Now, don’t confuse shrinking the transaction log with shrinking data files. Shrinking the log may be necessary if your log has grown out of control, or as part of a process to remove excessive VLF fragmentation (see Kimberly’s excellent posts on this here and here). However, shrinking the log should be a rare operation and should not be part of any regular maintenance you perform.

In either case, I’m not talking about using the TRUNCATEONLY option – all that does is lop off any unused space at the end of the files – that’s perfectly fine. I’m talking about actually running the shrink algorithm.

Shrinking of data files should be performed even more rarely, if at all. Here’s why: data file shrink can cause *massive* index fragmentation (of the out-of-order pages kind, not the wasted-space kind) and it is very expensive (in terms of I/O, locking, transaction log generation).

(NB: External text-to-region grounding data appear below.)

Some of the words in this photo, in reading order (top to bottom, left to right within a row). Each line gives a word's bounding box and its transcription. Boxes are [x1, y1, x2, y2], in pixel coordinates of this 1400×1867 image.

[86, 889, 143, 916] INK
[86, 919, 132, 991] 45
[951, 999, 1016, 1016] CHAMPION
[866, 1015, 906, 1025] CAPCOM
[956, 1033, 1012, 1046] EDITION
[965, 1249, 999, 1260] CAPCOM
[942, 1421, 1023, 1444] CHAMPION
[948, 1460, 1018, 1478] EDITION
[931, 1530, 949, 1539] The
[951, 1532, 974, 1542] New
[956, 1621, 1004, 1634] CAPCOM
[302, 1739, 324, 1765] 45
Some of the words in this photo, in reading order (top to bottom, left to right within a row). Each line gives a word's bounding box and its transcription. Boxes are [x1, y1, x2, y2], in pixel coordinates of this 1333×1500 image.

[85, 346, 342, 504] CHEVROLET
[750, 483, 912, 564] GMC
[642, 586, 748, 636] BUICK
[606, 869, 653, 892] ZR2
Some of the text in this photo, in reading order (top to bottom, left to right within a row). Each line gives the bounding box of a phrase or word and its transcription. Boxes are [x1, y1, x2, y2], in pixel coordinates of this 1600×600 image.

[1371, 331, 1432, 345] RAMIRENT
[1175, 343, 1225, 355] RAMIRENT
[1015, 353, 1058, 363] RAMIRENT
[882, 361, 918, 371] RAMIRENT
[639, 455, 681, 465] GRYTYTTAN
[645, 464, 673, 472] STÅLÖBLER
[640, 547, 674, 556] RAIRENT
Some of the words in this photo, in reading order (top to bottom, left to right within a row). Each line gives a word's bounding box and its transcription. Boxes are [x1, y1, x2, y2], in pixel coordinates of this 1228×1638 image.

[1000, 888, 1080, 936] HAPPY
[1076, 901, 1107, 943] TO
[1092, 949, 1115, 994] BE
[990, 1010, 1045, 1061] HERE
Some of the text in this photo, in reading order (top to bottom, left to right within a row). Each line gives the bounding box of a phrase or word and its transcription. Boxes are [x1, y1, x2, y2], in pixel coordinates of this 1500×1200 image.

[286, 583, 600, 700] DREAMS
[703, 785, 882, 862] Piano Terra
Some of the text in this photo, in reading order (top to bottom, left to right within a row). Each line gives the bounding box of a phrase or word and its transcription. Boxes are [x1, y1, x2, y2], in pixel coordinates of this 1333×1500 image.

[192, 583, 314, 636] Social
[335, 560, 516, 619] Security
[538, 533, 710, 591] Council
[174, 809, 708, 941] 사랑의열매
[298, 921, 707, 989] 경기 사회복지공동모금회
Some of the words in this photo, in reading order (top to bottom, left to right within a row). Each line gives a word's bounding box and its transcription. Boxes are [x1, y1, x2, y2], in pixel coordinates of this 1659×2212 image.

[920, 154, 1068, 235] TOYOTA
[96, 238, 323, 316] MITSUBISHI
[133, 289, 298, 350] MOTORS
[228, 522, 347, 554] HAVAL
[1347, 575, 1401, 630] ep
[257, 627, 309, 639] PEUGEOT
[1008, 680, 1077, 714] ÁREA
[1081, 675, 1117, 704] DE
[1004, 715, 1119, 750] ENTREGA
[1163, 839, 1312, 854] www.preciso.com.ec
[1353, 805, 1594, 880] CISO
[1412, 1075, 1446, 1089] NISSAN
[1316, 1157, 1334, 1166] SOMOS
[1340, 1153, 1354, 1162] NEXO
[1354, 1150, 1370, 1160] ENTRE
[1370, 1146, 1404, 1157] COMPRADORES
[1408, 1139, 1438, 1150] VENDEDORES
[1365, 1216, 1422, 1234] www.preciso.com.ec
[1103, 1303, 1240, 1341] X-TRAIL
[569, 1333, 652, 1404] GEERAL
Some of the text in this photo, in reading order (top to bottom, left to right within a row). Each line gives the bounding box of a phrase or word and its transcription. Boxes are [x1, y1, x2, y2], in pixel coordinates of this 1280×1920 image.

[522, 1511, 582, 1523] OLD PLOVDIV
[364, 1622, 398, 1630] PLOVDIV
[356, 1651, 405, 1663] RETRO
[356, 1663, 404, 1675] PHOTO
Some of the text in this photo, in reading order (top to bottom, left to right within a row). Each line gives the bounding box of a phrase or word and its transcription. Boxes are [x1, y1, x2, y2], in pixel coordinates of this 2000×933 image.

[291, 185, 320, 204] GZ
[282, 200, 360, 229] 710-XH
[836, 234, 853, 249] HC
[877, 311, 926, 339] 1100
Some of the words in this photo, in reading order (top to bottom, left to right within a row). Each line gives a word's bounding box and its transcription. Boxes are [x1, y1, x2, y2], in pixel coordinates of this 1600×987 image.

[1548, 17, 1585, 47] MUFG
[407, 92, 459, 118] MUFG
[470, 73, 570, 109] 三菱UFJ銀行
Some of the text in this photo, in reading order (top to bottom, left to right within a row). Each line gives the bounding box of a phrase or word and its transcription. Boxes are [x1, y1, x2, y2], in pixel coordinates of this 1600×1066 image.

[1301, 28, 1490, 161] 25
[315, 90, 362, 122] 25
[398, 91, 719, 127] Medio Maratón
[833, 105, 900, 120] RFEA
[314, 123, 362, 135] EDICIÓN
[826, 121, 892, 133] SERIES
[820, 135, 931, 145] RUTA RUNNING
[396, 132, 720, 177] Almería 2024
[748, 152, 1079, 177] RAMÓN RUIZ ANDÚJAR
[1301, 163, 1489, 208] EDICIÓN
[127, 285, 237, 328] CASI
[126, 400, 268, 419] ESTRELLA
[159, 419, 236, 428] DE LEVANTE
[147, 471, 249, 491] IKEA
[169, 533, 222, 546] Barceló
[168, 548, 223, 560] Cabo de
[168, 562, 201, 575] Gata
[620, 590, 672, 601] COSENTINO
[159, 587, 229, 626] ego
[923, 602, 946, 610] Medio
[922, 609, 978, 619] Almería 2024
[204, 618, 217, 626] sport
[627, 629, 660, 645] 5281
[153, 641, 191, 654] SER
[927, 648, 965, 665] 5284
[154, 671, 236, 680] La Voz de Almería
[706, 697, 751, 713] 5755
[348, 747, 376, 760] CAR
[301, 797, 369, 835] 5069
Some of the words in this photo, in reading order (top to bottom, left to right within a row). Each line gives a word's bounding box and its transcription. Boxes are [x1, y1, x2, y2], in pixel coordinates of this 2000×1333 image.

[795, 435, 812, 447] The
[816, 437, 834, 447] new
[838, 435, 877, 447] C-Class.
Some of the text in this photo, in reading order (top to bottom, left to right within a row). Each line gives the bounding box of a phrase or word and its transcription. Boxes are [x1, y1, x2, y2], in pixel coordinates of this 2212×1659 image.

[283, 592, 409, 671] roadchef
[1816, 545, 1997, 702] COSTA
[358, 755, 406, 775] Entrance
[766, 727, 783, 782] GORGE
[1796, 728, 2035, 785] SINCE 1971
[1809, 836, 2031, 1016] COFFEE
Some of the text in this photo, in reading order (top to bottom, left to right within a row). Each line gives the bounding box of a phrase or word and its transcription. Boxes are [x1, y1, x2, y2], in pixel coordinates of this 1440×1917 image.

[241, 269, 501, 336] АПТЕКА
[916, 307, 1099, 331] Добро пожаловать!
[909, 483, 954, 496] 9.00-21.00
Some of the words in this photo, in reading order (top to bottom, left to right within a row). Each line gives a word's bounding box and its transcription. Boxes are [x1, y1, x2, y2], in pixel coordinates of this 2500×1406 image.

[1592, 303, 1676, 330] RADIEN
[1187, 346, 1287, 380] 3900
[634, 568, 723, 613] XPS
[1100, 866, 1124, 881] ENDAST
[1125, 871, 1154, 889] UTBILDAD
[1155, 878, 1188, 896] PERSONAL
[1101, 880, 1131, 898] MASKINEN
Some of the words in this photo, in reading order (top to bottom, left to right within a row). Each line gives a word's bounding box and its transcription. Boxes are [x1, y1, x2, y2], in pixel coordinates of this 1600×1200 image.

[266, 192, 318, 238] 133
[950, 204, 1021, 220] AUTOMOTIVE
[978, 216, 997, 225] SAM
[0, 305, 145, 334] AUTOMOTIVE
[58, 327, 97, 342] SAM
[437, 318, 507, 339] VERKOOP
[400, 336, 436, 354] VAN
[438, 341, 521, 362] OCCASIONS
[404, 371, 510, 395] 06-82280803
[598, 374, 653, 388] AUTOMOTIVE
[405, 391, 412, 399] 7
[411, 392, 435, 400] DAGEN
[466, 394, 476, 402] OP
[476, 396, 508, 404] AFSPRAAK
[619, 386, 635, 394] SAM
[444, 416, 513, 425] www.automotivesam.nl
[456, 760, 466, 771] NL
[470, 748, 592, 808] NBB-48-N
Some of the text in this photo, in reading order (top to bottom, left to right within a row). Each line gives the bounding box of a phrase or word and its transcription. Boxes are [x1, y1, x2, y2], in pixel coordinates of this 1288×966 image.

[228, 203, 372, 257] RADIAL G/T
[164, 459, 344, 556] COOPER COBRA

The same code is used for DBCC SHRINKFILEDBCC SHRINKDATABASE, and auto-shrink – they’re equally as bad. As well as introducing index fragmentation, data file shrink also generates a lot of I/O, uses a lot of CPU, and generates *loads* of transaction log – as everything it does is fully logged.

Bottom line – try to avoid running data-file shrink at all costs! I’m often misquoted as saying ‘never run data-file shrink’ – that’s not true. I say ‘never run a regular shrink operation of any kind’, and if you absolutely must run a data-file shrink, be aware of the problems it can cause.